## THE RECORDS
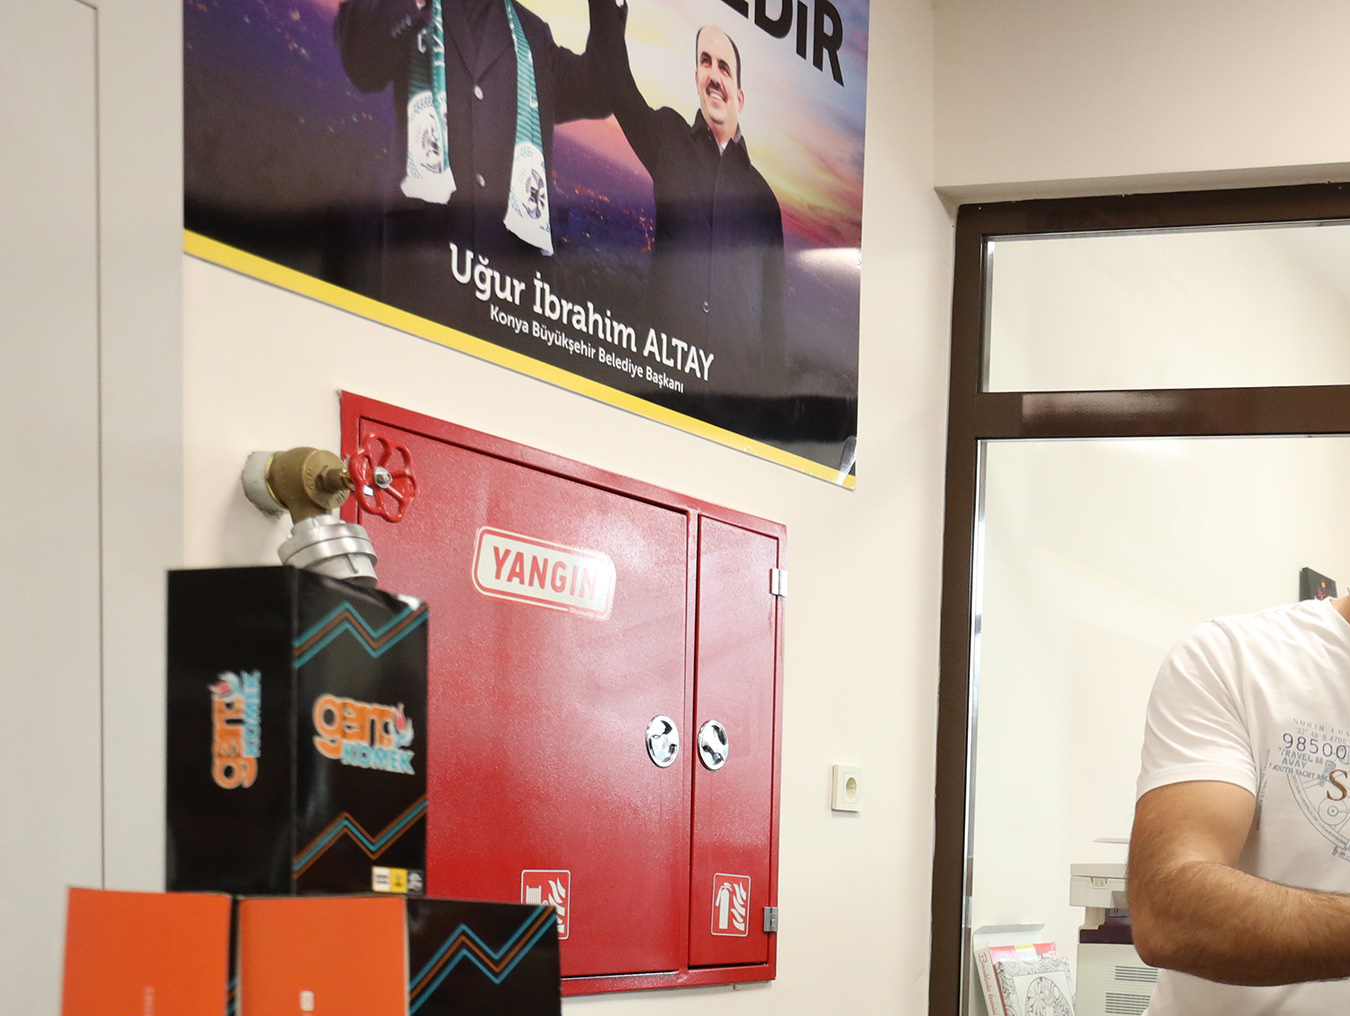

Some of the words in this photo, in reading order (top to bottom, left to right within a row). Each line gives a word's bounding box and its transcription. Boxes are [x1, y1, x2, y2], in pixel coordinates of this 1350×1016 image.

[449, 241, 525, 305] Uğur
[533, 271, 637, 352] İbrahim
[643, 328, 714, 381] ALTAY
[490, 304, 529, 334] Konya
[532, 321, 596, 359] Büyükşehir
[598, 347, 644, 378] Belediye
[646, 366, 684, 394] Başkanı
[493, 546, 596, 600] YANGIN
[341, 739, 416, 775] KOMEK
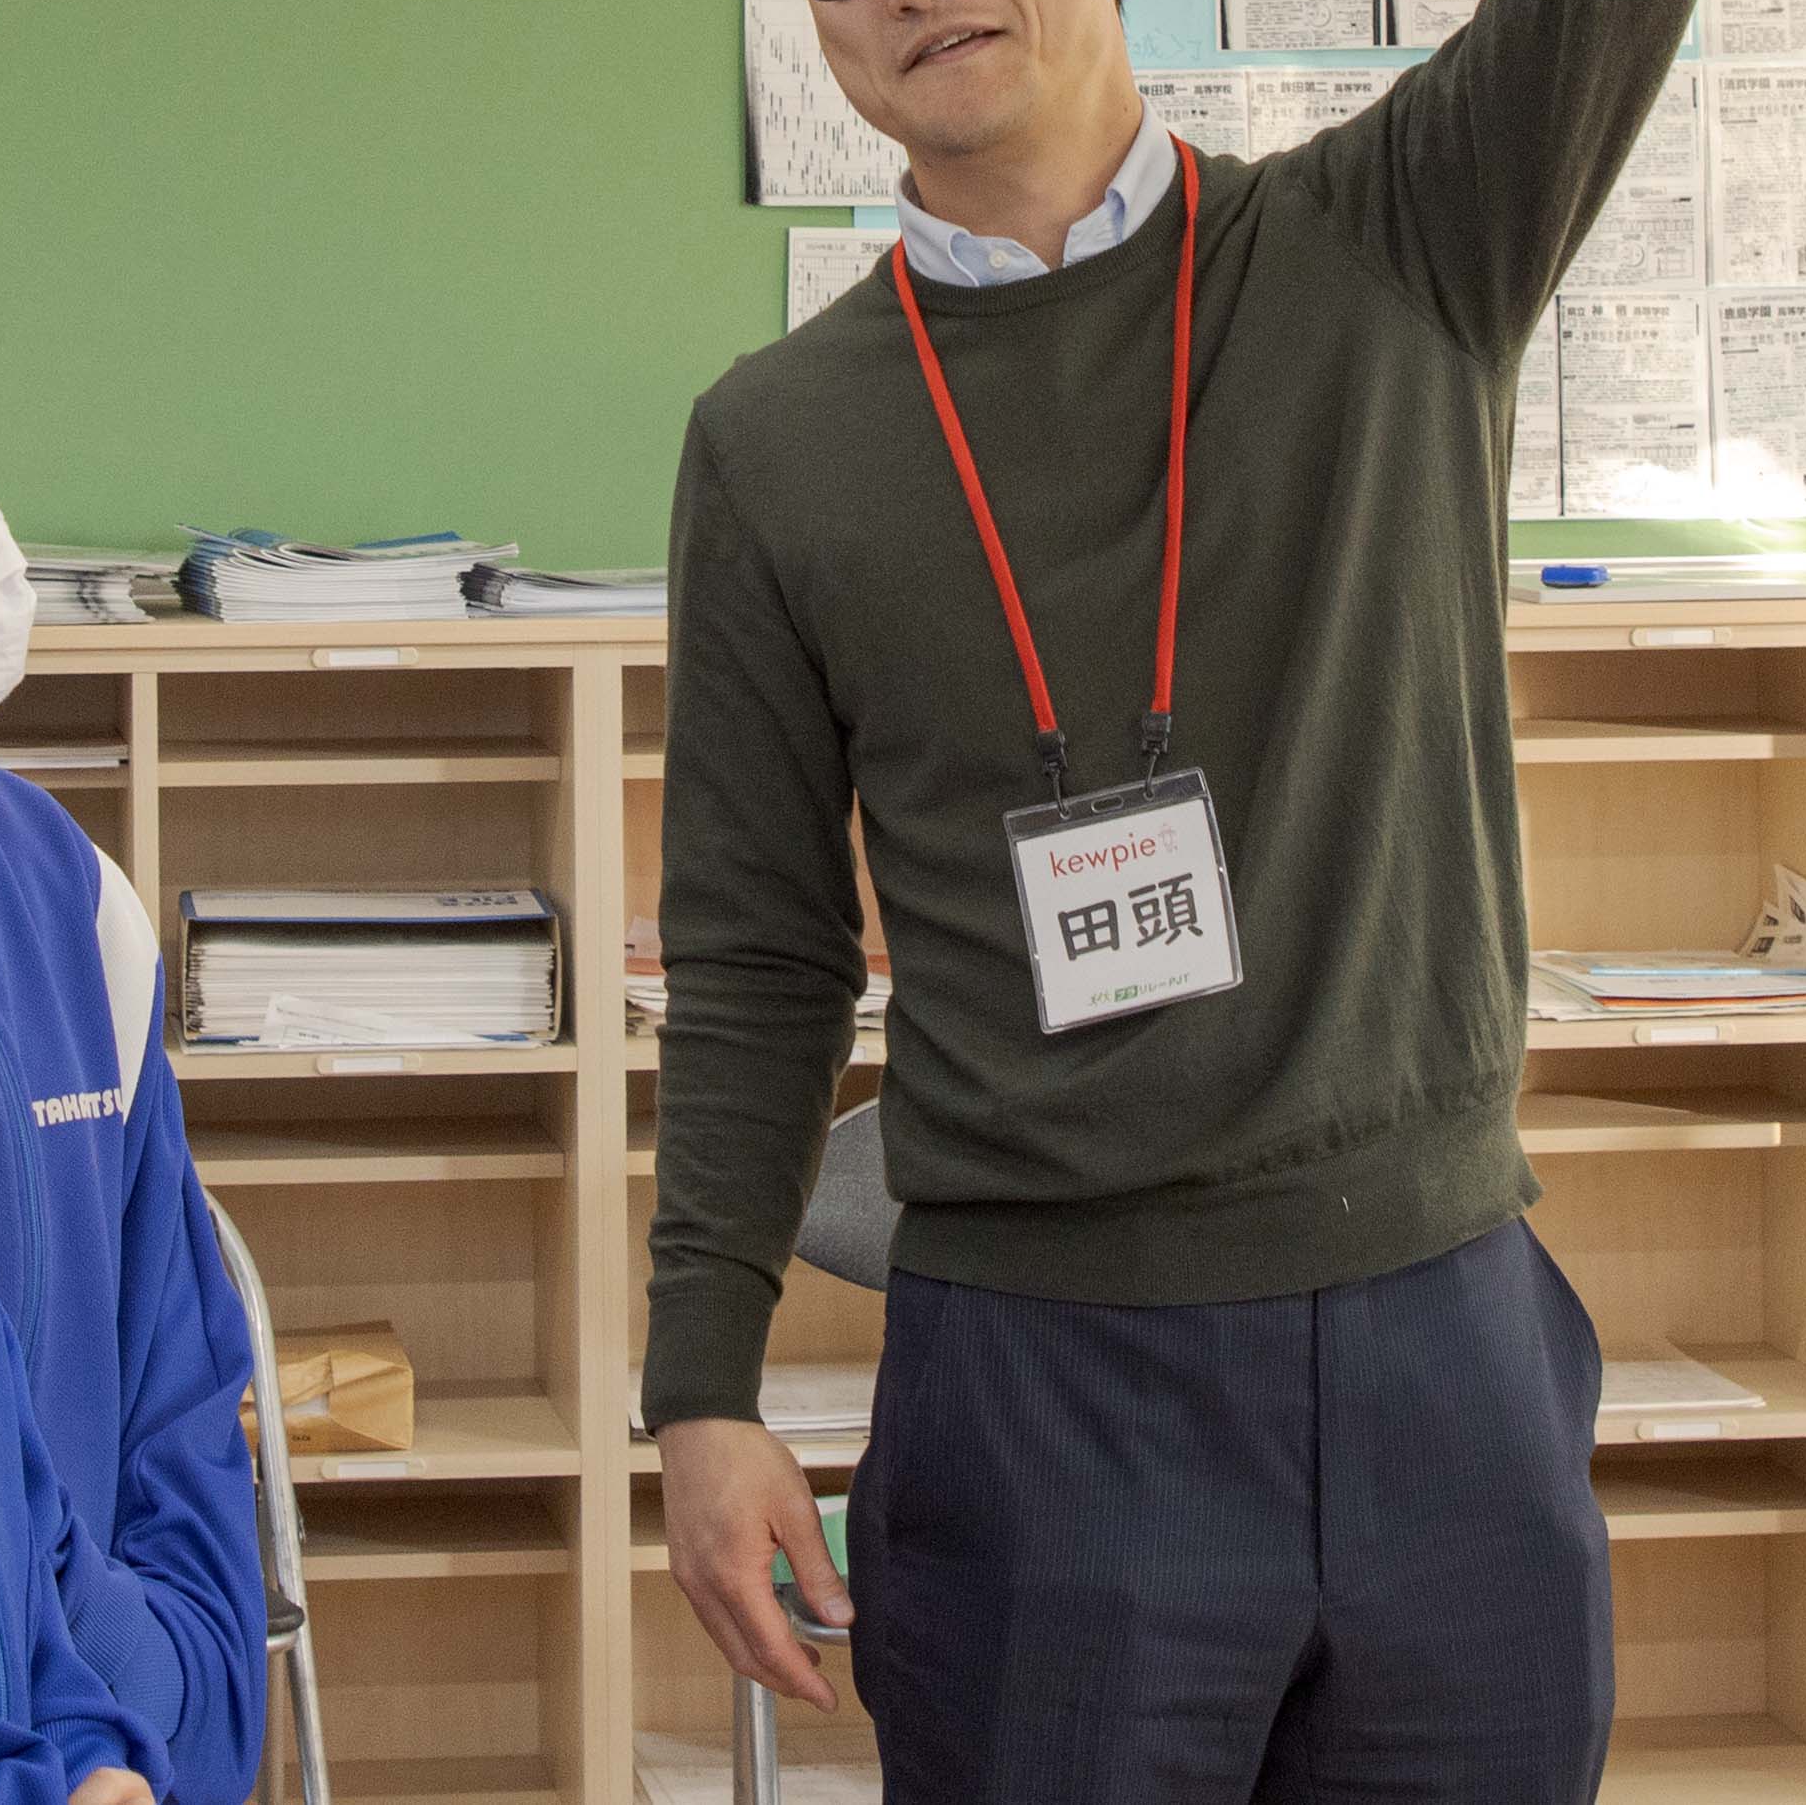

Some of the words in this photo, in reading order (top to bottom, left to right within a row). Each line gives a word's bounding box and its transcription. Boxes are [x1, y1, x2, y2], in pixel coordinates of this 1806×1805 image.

[1194, 83, 1233, 95] 高等学校
[1334, 83, 1372, 93] 高等学校
[1633, 306, 1670, 316] 高等学校
[1049, 832, 1156, 878] kewpie
[1057, 872, 1203, 961] 田頭
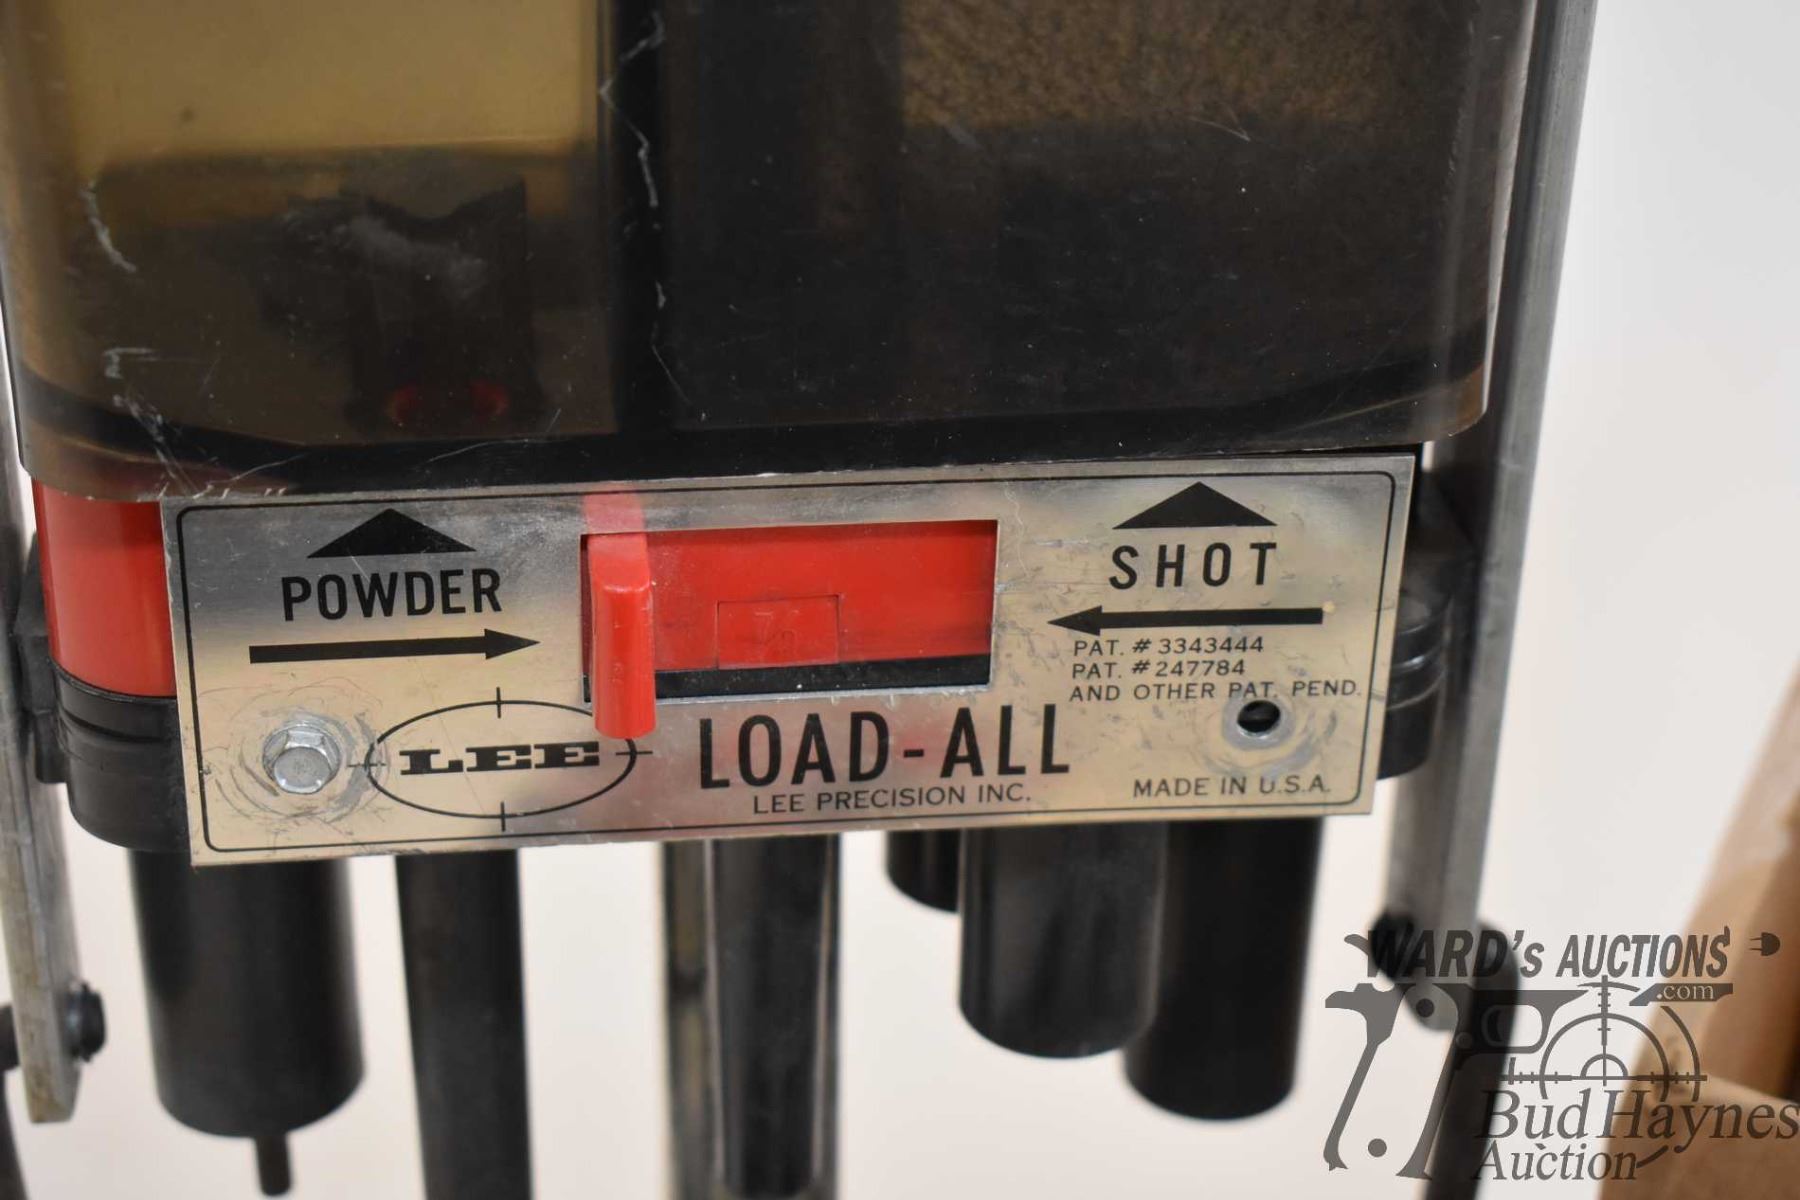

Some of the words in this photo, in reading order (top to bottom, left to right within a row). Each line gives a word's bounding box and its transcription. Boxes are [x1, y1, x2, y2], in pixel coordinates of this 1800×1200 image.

[1108, 541, 1277, 590] SHOT
[281, 567, 502, 621] POWDER
[1073, 639, 1125, 656] PAT.
[1072, 662, 1122, 679] PAT.
[1069, 685, 1121, 702] AND
[1133, 682, 1215, 700] OTHER
[1228, 681, 1278, 699] PAT.
[1292, 679, 1361, 697] PEND.
[399, 741, 600, 776] LEE
[699, 703, 1070, 789] LOAD-ALL
[753, 794, 805, 815] LEE
[816, 785, 966, 811] PRECISION
[978, 782, 1032, 802] INC.
[1132, 778, 1210, 799] MADE
[1219, 777, 1247, 796] IN
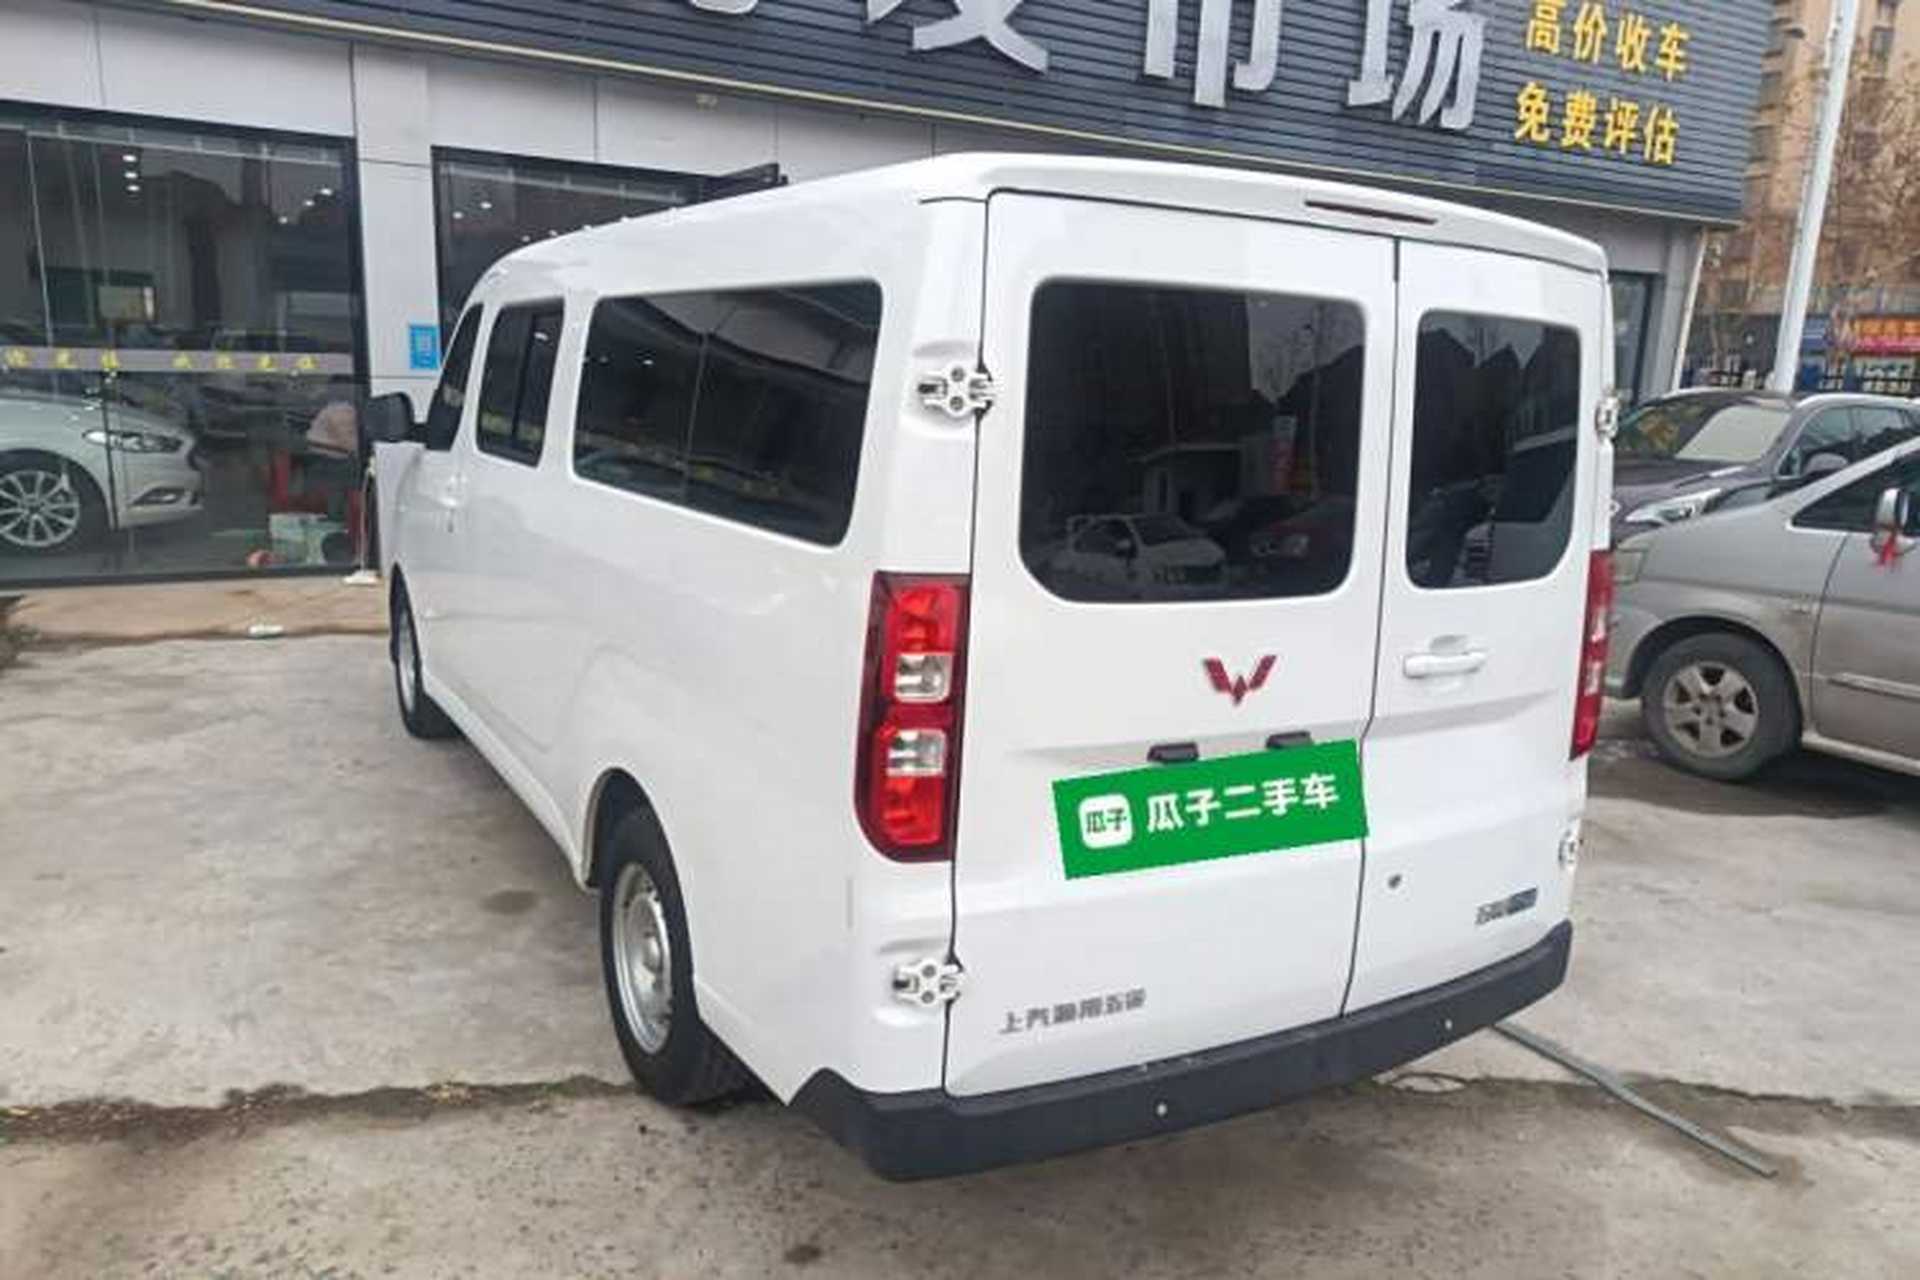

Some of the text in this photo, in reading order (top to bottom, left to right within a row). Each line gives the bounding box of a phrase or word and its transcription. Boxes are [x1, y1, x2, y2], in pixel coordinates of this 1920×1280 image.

[690, 0, 1486, 130] 市场
[1526, 0, 1690, 81] 高价收车
[1514, 81, 1679, 165] 免费评估

## WHAT IS BEING ASKED
One line above contains "Some of the text". Output that line and each one after it, word for word, and nothing else.

## ANSWER TO THIS EXERCISE
Some of the text in this photo, in reading order (top to bottom, left to right within a row). Each line gives the bounding box of a phrase or word and its transcription. Boxes are [x1, y1, x2, y2], in pixel coordinates of this 1920×1280 image.

[690, 0, 1486, 130] 市场
[1526, 0, 1690, 81] 高价收车
[1514, 81, 1679, 165] 免费评估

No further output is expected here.